**THE PROBLEM:**
Render every entry exactly as it appears.

**RECORDS SHOWN:**
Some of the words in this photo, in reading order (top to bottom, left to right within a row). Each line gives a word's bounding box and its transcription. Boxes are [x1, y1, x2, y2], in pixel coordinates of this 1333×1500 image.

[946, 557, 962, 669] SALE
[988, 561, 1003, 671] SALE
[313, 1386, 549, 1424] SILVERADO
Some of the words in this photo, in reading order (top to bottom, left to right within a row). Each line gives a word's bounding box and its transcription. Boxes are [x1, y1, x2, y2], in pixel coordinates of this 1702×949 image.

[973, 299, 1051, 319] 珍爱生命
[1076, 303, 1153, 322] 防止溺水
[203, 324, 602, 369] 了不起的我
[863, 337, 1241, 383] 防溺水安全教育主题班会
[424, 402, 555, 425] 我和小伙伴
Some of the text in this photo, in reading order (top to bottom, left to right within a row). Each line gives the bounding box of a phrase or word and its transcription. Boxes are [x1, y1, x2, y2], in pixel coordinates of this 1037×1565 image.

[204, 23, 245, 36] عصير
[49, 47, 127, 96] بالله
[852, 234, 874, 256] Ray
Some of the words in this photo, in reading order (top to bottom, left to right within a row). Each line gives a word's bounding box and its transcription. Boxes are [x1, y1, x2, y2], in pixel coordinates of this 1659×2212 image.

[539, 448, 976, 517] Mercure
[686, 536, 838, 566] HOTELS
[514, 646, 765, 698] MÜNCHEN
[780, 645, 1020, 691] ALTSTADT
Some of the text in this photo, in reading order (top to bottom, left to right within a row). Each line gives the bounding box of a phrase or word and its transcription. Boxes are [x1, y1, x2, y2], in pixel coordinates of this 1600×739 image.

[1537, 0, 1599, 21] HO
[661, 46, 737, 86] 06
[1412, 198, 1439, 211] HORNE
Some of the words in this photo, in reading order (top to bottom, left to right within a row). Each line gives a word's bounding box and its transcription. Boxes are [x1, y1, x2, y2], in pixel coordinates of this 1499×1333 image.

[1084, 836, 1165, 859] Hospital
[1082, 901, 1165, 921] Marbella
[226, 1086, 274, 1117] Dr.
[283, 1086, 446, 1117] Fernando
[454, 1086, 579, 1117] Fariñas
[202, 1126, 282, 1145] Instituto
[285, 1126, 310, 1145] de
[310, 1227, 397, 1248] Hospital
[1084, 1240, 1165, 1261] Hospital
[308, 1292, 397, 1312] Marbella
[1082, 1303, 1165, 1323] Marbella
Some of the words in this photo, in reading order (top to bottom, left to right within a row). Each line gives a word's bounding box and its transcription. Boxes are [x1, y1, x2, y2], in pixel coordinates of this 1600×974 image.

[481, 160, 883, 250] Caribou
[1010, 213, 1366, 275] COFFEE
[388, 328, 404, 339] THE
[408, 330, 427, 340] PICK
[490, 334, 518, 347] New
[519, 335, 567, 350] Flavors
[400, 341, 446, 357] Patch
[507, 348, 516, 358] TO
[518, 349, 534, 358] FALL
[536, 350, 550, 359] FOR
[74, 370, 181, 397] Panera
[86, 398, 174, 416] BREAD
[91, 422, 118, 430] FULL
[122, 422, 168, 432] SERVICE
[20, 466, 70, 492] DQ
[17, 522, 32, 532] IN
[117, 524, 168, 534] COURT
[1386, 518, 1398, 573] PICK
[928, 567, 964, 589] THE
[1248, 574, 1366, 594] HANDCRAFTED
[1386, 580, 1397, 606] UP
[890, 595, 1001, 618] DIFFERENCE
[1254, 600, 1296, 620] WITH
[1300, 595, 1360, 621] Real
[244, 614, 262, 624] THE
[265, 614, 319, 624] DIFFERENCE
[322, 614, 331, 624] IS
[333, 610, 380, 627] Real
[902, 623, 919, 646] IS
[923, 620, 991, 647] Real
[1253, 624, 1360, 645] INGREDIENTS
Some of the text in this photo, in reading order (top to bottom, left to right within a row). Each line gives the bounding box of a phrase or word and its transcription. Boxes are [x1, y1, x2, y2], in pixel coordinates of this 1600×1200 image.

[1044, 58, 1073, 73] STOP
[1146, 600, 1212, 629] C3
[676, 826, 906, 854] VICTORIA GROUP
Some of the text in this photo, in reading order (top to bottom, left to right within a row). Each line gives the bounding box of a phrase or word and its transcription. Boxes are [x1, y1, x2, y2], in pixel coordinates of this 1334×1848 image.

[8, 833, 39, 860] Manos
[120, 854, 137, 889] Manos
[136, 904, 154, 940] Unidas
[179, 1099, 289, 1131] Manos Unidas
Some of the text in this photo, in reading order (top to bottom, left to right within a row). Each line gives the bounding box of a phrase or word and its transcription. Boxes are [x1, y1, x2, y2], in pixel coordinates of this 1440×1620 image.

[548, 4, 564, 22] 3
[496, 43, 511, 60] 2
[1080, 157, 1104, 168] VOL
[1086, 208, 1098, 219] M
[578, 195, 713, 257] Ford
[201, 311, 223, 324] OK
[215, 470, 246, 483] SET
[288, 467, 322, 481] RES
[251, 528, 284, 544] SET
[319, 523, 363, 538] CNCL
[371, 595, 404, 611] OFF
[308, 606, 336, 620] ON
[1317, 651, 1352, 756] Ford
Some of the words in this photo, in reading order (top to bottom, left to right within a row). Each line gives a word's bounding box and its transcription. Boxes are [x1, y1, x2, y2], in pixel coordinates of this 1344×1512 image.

**TASK RESPONSE:**
Some of the words in this photo, in reading order (top to bottom, left to right within a row). Each line gives a word's bounding box and its transcription. Boxes are [x1, y1, x2, y2], in pixel coordinates of this 1333×1500 image.

[946, 557, 962, 669] SALE
[988, 561, 1003, 671] SALE
[313, 1386, 549, 1424] SILVERADO
Some of the words in this photo, in reading order (top to bottom, left to right within a row). Each line gives a word's bounding box and its transcription. Boxes are [x1, y1, x2, y2], in pixel coordinates of this 1702×949 image.

[973, 299, 1051, 319] 珍爱生命
[1076, 303, 1153, 322] 防止溺水
[203, 324, 602, 369] 了不起的我
[863, 337, 1241, 383] 防溺水安全教育主题班会
[424, 402, 555, 425] 我和小伙伴
Some of the text in this photo, in reading order (top to bottom, left to right within a row). Each line gives the bounding box of a phrase or word and its transcription. Boxes are [x1, y1, x2, y2], in pixel coordinates of this 1037×1565 image.

[204, 23, 245, 36] عصير
[49, 47, 127, 96] بالله
[852, 234, 874, 256] Ray
Some of the words in this photo, in reading order (top to bottom, left to right within a row). Each line gives a word's bounding box and its transcription. Boxes are [x1, y1, x2, y2], in pixel coordinates of this 1659×2212 image.

[539, 448, 976, 517] Mercure
[686, 536, 838, 566] HOTELS
[514, 646, 765, 698] MÜNCHEN
[780, 645, 1020, 691] ALTSTADT
Some of the text in this photo, in reading order (top to bottom, left to right within a row). Each line gives the bounding box of a phrase or word and its transcription. Boxes are [x1, y1, x2, y2], in pixel coordinates of this 1600×739 image.

[1537, 0, 1599, 21] HO
[661, 46, 737, 86] 06
[1412, 198, 1439, 211] HORNE
Some of the words in this photo, in reading order (top to bottom, left to right within a row). Each line gives a word's bounding box and its transcription. Boxes are [x1, y1, x2, y2], in pixel coordinates of this 1499×1333 image.

[1084, 836, 1165, 859] Hospital
[1082, 901, 1165, 921] Marbella
[226, 1086, 274, 1117] Dr.
[283, 1086, 446, 1117] Fernando
[454, 1086, 579, 1117] Fariñas
[202, 1126, 282, 1145] Instituto
[285, 1126, 310, 1145] de
[310, 1227, 397, 1248] Hospital
[1084, 1240, 1165, 1261] Hospital
[308, 1292, 397, 1312] Marbella
[1082, 1303, 1165, 1323] Marbella
Some of the words in this photo, in reading order (top to bottom, left to right within a row). Each line gives a word's bounding box and its transcription. Boxes are [x1, y1, x2, y2], in pixel coordinates of this 1600×974 image.

[481, 160, 883, 250] Caribou
[1010, 213, 1366, 275] COFFEE
[388, 328, 404, 339] THE
[408, 330, 427, 340] PICK
[490, 334, 518, 347] New
[519, 335, 567, 350] Flavors
[400, 341, 446, 357] Patch
[507, 348, 516, 358] TO
[518, 349, 534, 358] FALL
[536, 350, 550, 359] FOR
[74, 370, 181, 397] Panera
[86, 398, 174, 416] BREAD
[91, 422, 118, 430] FULL
[122, 422, 168, 432] SERVICE
[20, 466, 70, 492] DQ
[17, 522, 32, 532] IN
[117, 524, 168, 534] COURT
[1386, 518, 1398, 573] PICK
[928, 567, 964, 589] THE
[1248, 574, 1366, 594] HANDCRAFTED
[1386, 580, 1397, 606] UP
[890, 595, 1001, 618] DIFFERENCE
[1254, 600, 1296, 620] WITH
[1300, 595, 1360, 621] Real
[244, 614, 262, 624] THE
[265, 614, 319, 624] DIFFERENCE
[322, 614, 331, 624] IS
[333, 610, 380, 627] Real
[902, 623, 919, 646] IS
[923, 620, 991, 647] Real
[1253, 624, 1360, 645] INGREDIENTS
Some of the text in this photo, in reading order (top to bottom, left to right within a row). Each line gives the bounding box of a phrase or word and its transcription. Boxes are [x1, y1, x2, y2], in pixel coordinates of this 1600×1200 image.

[1044, 58, 1073, 73] STOP
[1146, 600, 1212, 629] C3
[676, 826, 906, 854] VICTORIA GROUP
Some of the text in this photo, in reading order (top to bottom, left to right within a row). Each line gives the bounding box of a phrase or word and its transcription. Boxes are [x1, y1, x2, y2], in pixel coordinates of this 1334×1848 image.

[8, 833, 39, 860] Manos
[120, 854, 137, 889] Manos
[136, 904, 154, 940] Unidas
[179, 1099, 289, 1131] Manos Unidas
Some of the text in this photo, in reading order (top to bottom, left to right within a row). Each line gives the bounding box of a phrase or word and its transcription. Boxes are [x1, y1, x2, y2], in pixel coordinates of this 1440×1620 image.

[548, 4, 564, 22] 3
[496, 43, 511, 60] 2
[1080, 157, 1104, 168] VOL
[1086, 208, 1098, 219] M
[578, 195, 713, 257] Ford
[201, 311, 223, 324] OK
[215, 470, 246, 483] SET
[288, 467, 322, 481] RES
[251, 528, 284, 544] SET
[319, 523, 363, 538] CNCL
[371, 595, 404, 611] OFF
[308, 606, 336, 620] ON
[1317, 651, 1352, 756] Ford
Some of the words in this photo, in reading order (top to bottom, left to right within a row). Each line gives a word's bounding box and its transcription. Boxes are [x1, y1, x2, y2], in pixel coordinates of this 1344×1512 image.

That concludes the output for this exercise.